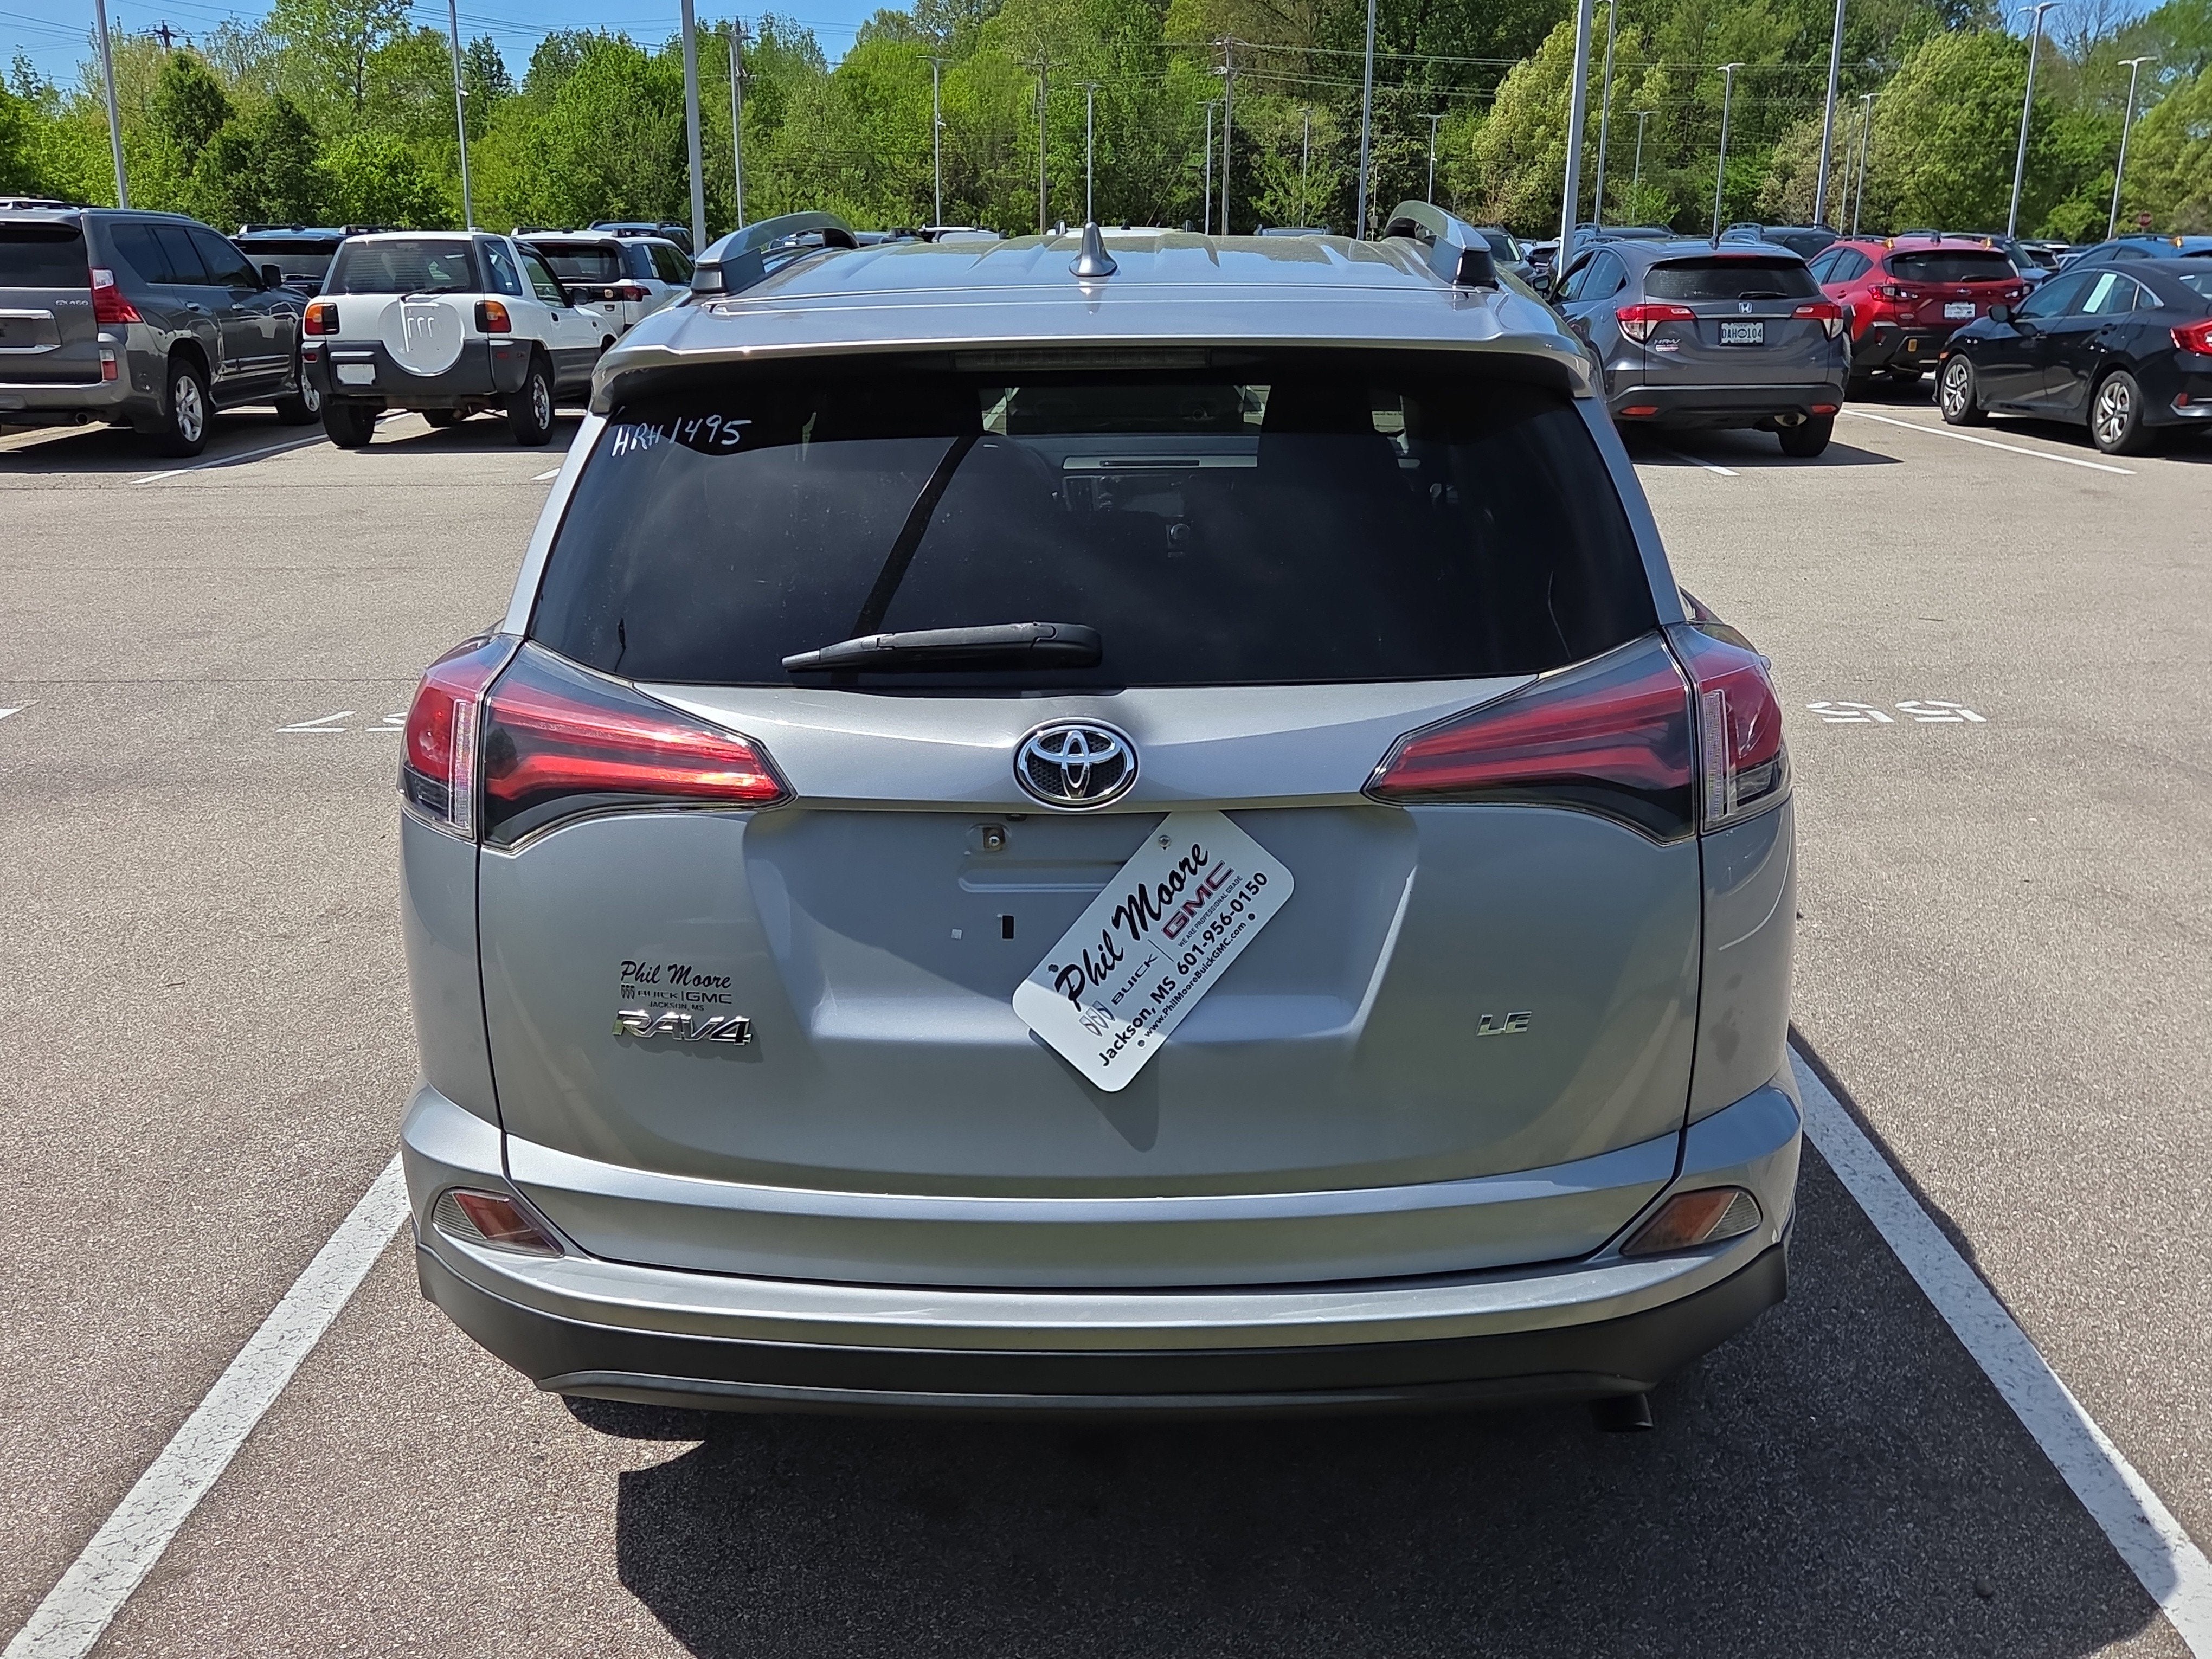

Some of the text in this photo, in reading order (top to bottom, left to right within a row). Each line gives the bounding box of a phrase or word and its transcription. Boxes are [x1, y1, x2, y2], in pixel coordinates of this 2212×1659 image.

[1055, 843, 1208, 1012] Phil Moore
[1111, 860, 1234, 1006] BUICK GMC
[1178, 875, 1243, 948] WE ARE PROFESSIONAL GRADE
[621, 961, 732, 988] Phil Moore
[686, 992, 732, 1004] GMC
[1098, 872, 1268, 1067] Jackson, MS 601-956-0150
[1144, 922, 1247, 1037] www.PhilMooreBuickGMC.com
[612, 1009, 753, 1046] RAV4
[1476, 1009, 1532, 1036] LE
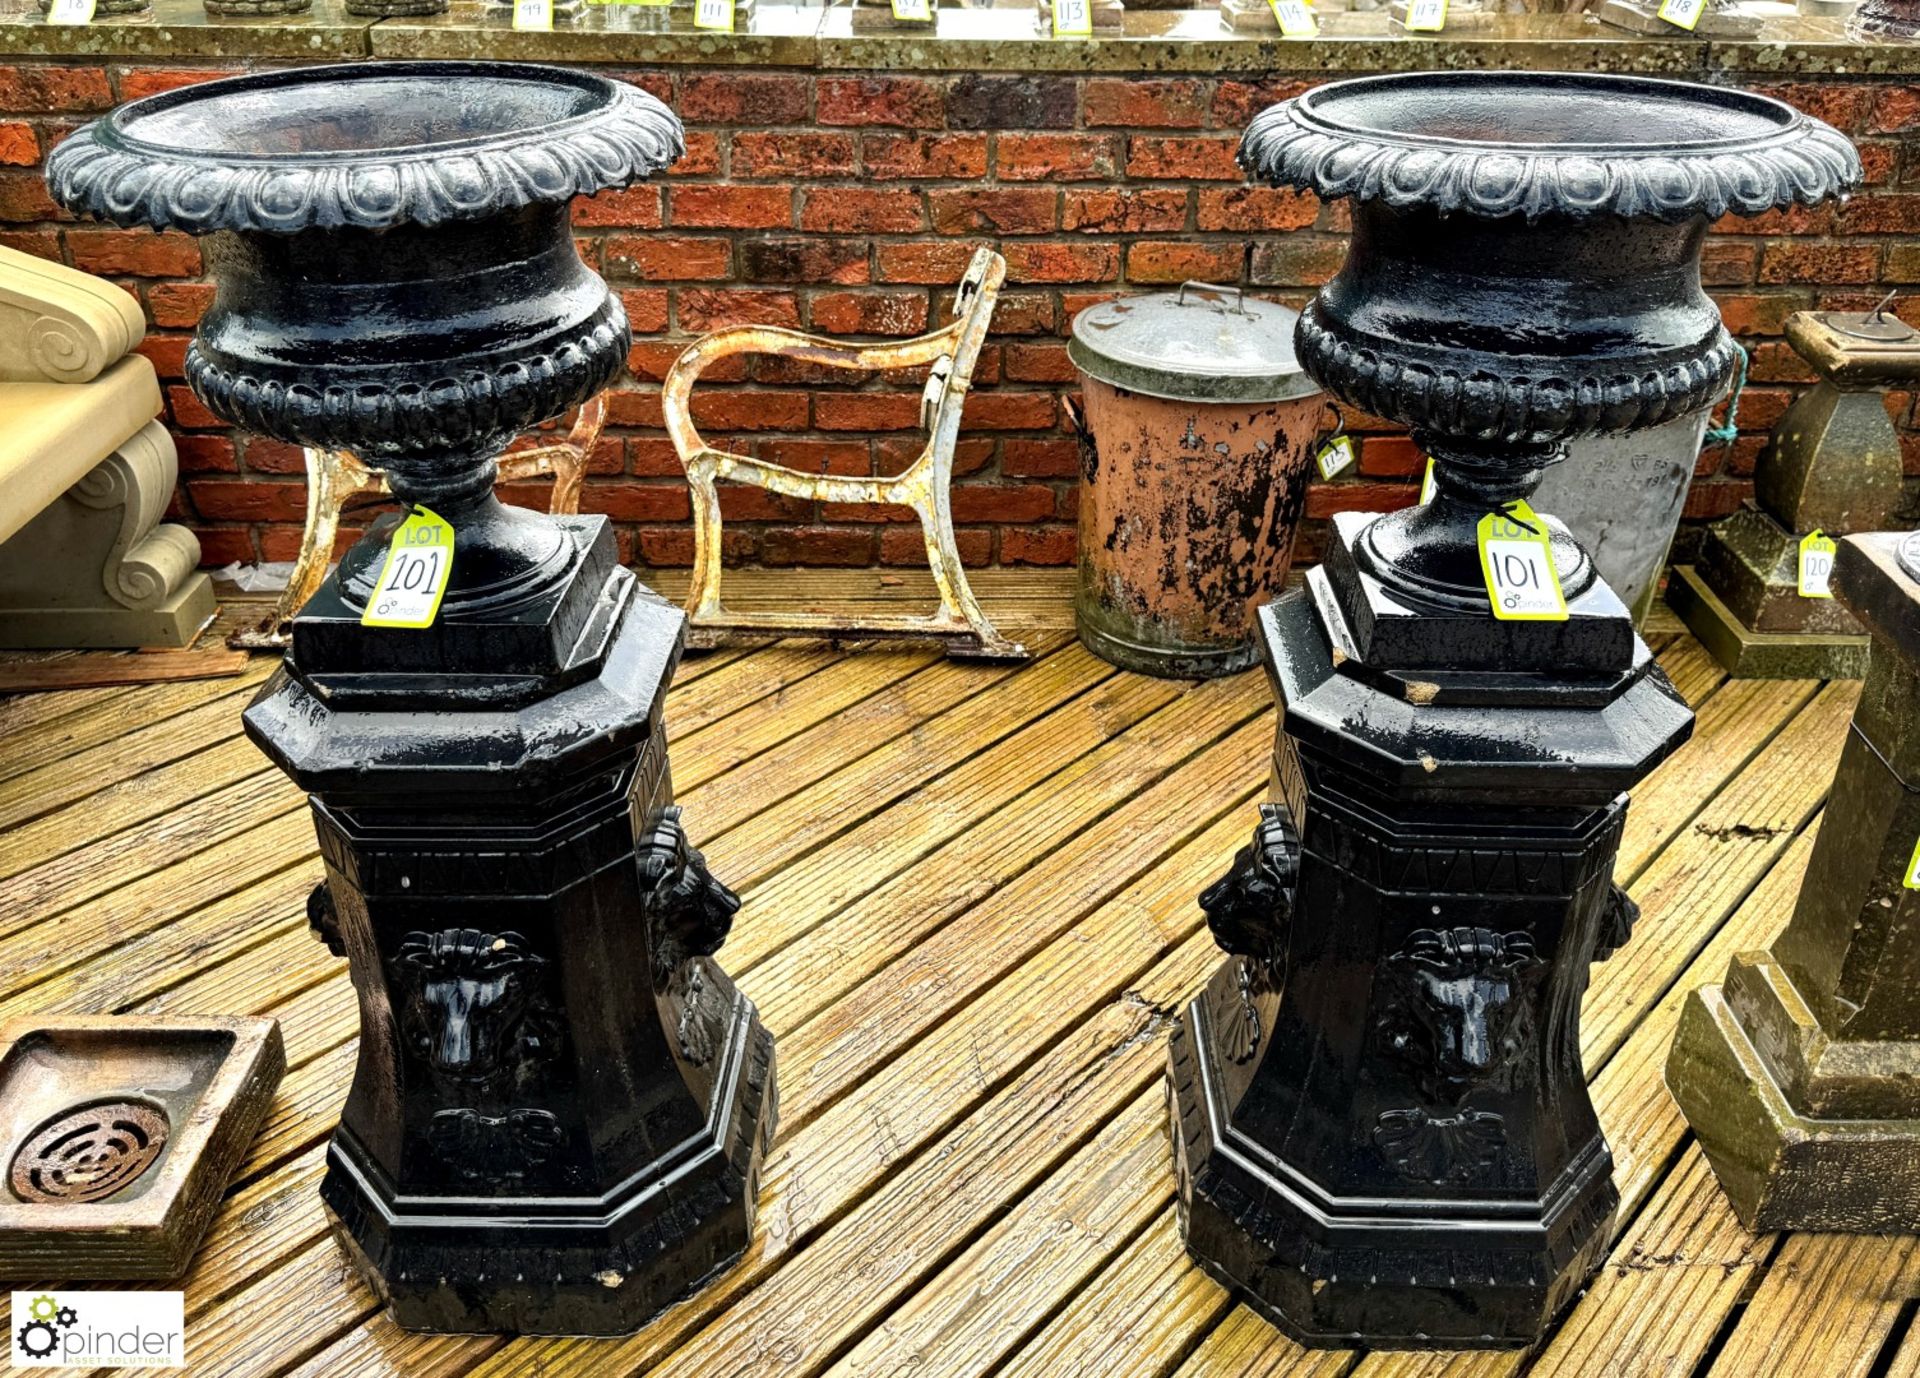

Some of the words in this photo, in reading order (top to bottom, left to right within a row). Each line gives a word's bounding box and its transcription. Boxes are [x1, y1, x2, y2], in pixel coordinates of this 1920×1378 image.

--------------------------------------------------

• EXERCISE PROMPT
All records above must be output exactly as they stand, excluding pictures.

• SOLUTION TO THIS TASK
Some of the text in this photo, in reading order (top to bottom, left to right within a row). Each line gives the bounding box of a phrase or word and its transcription. Boxes are [x1, y1, x2, y2], in pixel coordinates of this 2212×1659 image.

[1055, 843, 1208, 1012] Phil Moore
[1111, 860, 1234, 1006] BUICK GMC
[1178, 875, 1243, 948] WE ARE PROFESSIONAL GRADE
[621, 961, 732, 988] Phil Moore
[686, 992, 732, 1004] GMC
[1098, 872, 1268, 1067] Jackson, MS 601-956-0150
[1144, 922, 1247, 1037] www.PhilMooreBuickGMC.com
[612, 1009, 753, 1046] RAV4
[1476, 1009, 1532, 1036] LE

Some of the words in this photo, in reading order (top to bottom, left to right within a row). Each line gives a word's bounding box and its transcription. Boxes are [x1, y1, x2, y2], in pixel coordinates of this 1920×1378 image.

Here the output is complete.